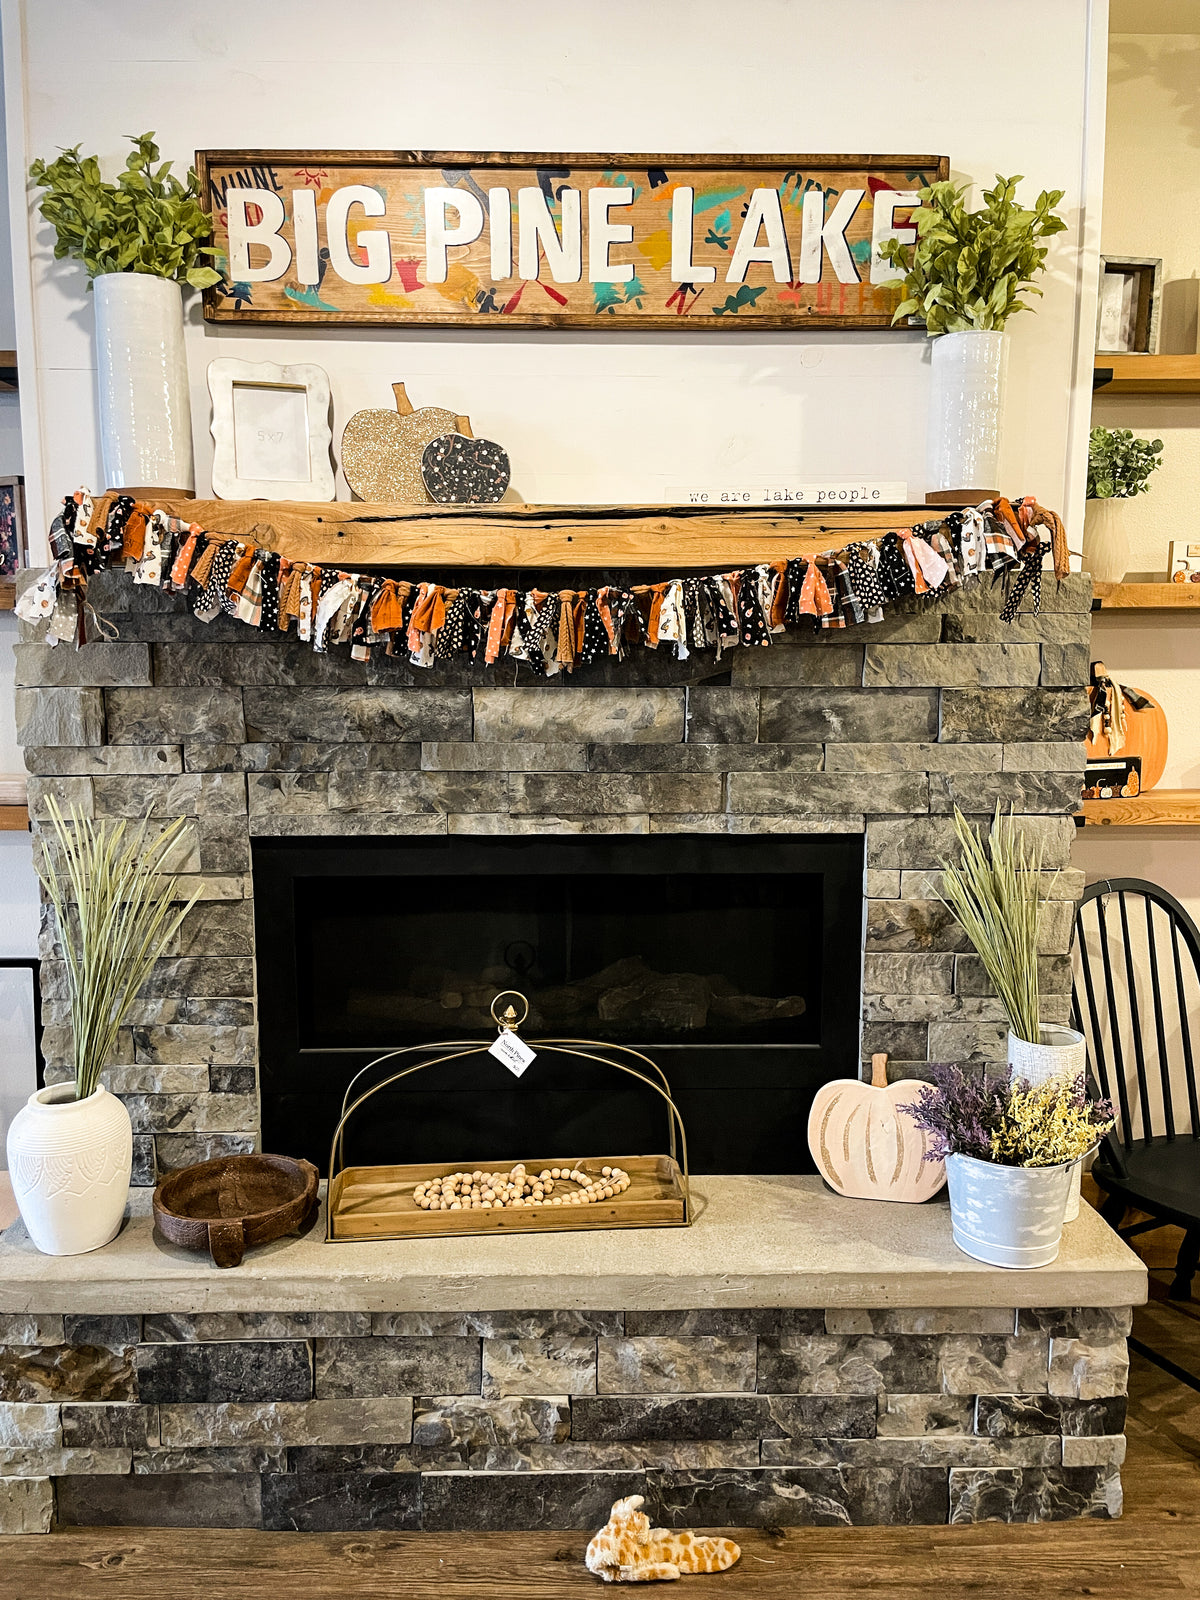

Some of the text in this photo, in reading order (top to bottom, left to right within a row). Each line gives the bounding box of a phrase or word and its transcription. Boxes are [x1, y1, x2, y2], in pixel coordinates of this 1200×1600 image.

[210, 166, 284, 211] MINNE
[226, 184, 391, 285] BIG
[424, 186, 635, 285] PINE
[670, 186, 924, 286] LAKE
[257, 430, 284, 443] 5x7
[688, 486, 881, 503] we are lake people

Work request :: Return to the listing above and set it down exactly, leaving out its pictures.

Written response ::
Some of the text in this photo, in reading order (top to bottom, left to right within a row). Each line gives the bounding box of a phrase or word and its transcription. Boxes are [x1, y1, x2, y2], in pixel coordinates of this 1200×1600 image.

[210, 166, 284, 211] MINNE
[226, 184, 391, 285] BIG
[424, 186, 635, 285] PINE
[670, 186, 924, 286] LAKE
[257, 430, 284, 443] 5x7
[688, 486, 881, 503] we are lake people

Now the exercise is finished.